▶ _WHAT IS BEING ASKED_
All entries below are to be written out again exactly, but no picture is to be copied.

[Saved data entries]
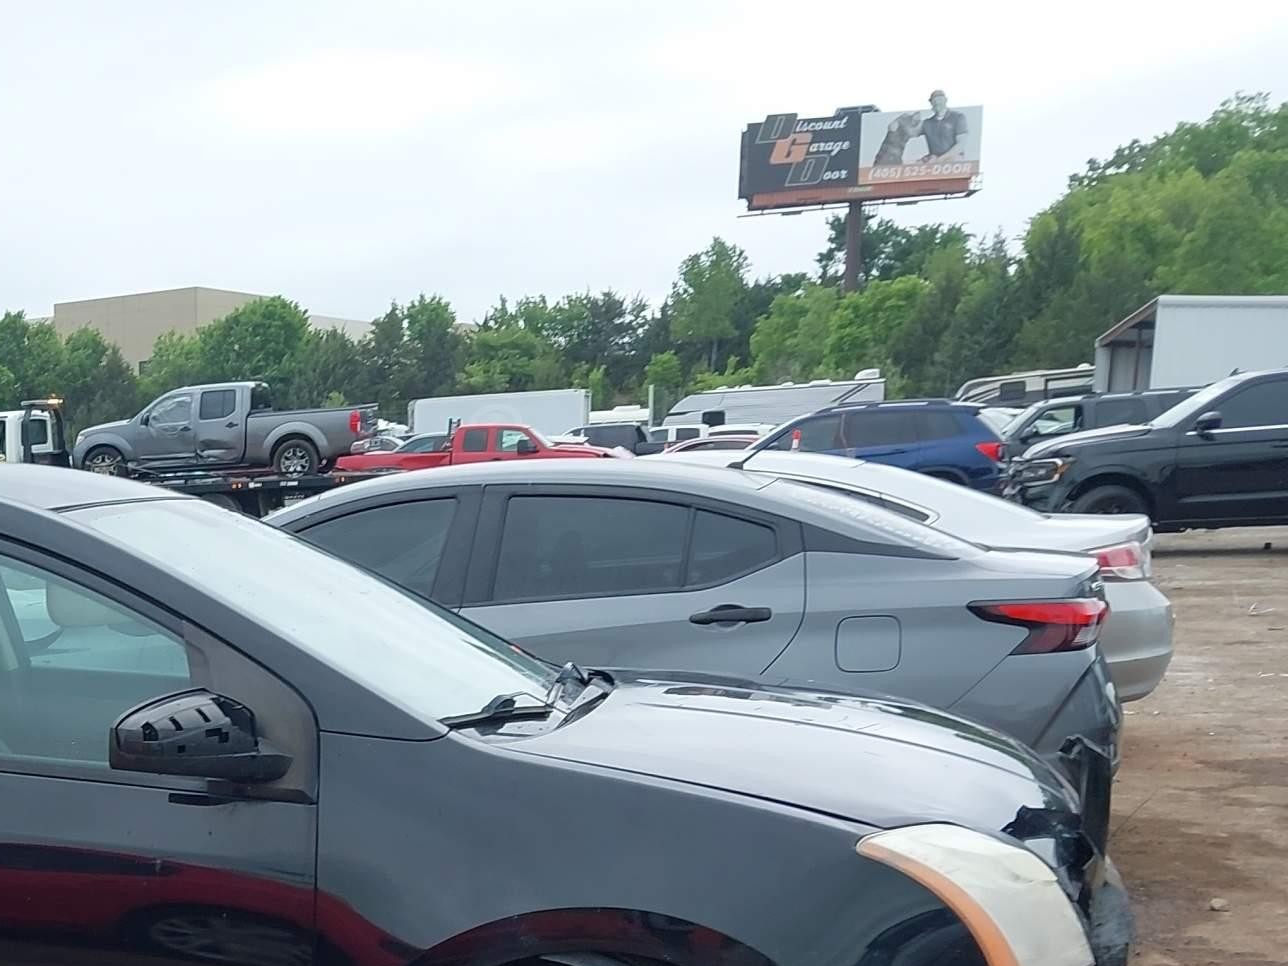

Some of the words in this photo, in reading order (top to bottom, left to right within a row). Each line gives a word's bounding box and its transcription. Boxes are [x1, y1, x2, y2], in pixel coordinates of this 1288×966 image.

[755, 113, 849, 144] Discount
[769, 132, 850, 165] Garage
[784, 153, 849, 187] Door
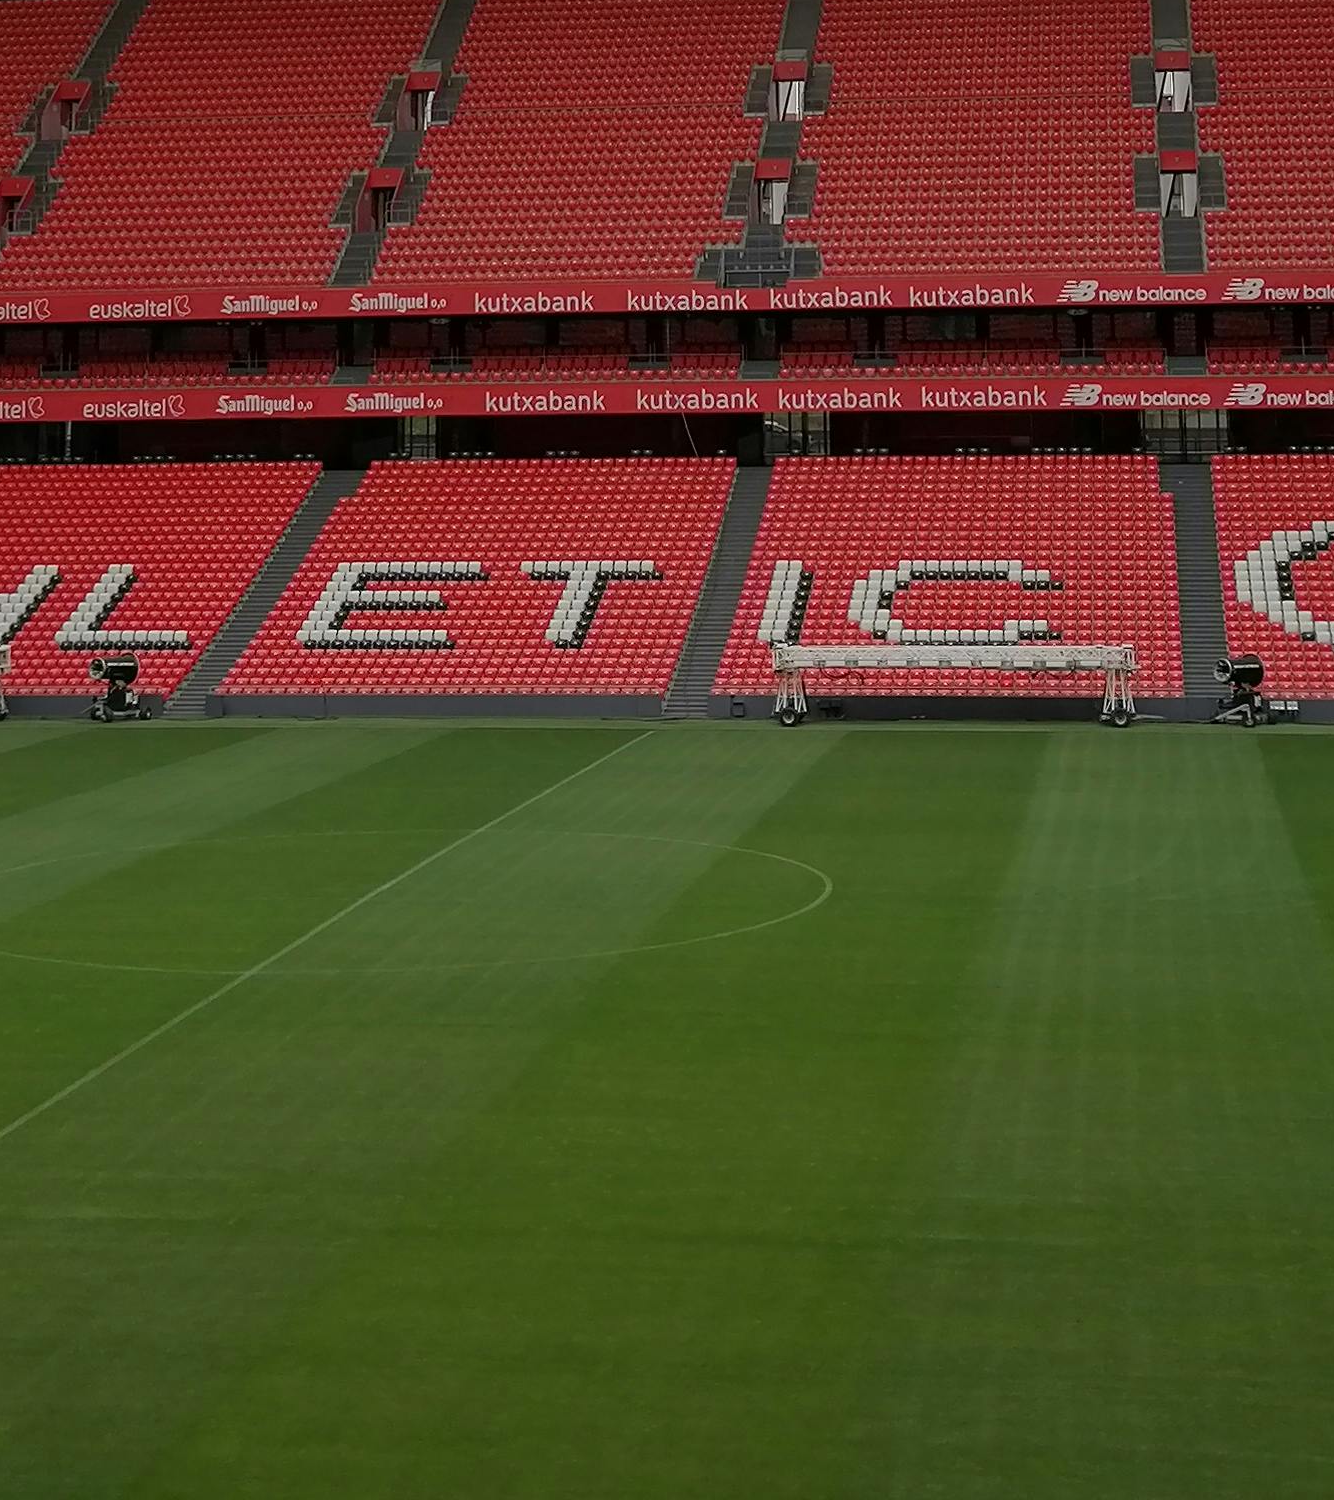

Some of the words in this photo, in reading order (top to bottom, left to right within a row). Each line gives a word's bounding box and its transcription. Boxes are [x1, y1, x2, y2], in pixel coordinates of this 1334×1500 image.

▶ _RESPONSE_
Some of the words in this photo, in reading order (top to bottom, left to right within a row). Each line gives a word's bounding box and its transcription. Boxes are [x1, y1, x2, y2], in pixel coordinates of this 1288×966 image.

[755, 113, 849, 144] Discount
[769, 132, 850, 165] Garage
[784, 153, 849, 187] Door

Some of the words in this photo, in reading order (top to bottom, left to right within a row). Each line gives a word's bounding box and its transcription. Boxes are [x1, y1, x2, y2], in pixel coordinates of this 1334×1500 image.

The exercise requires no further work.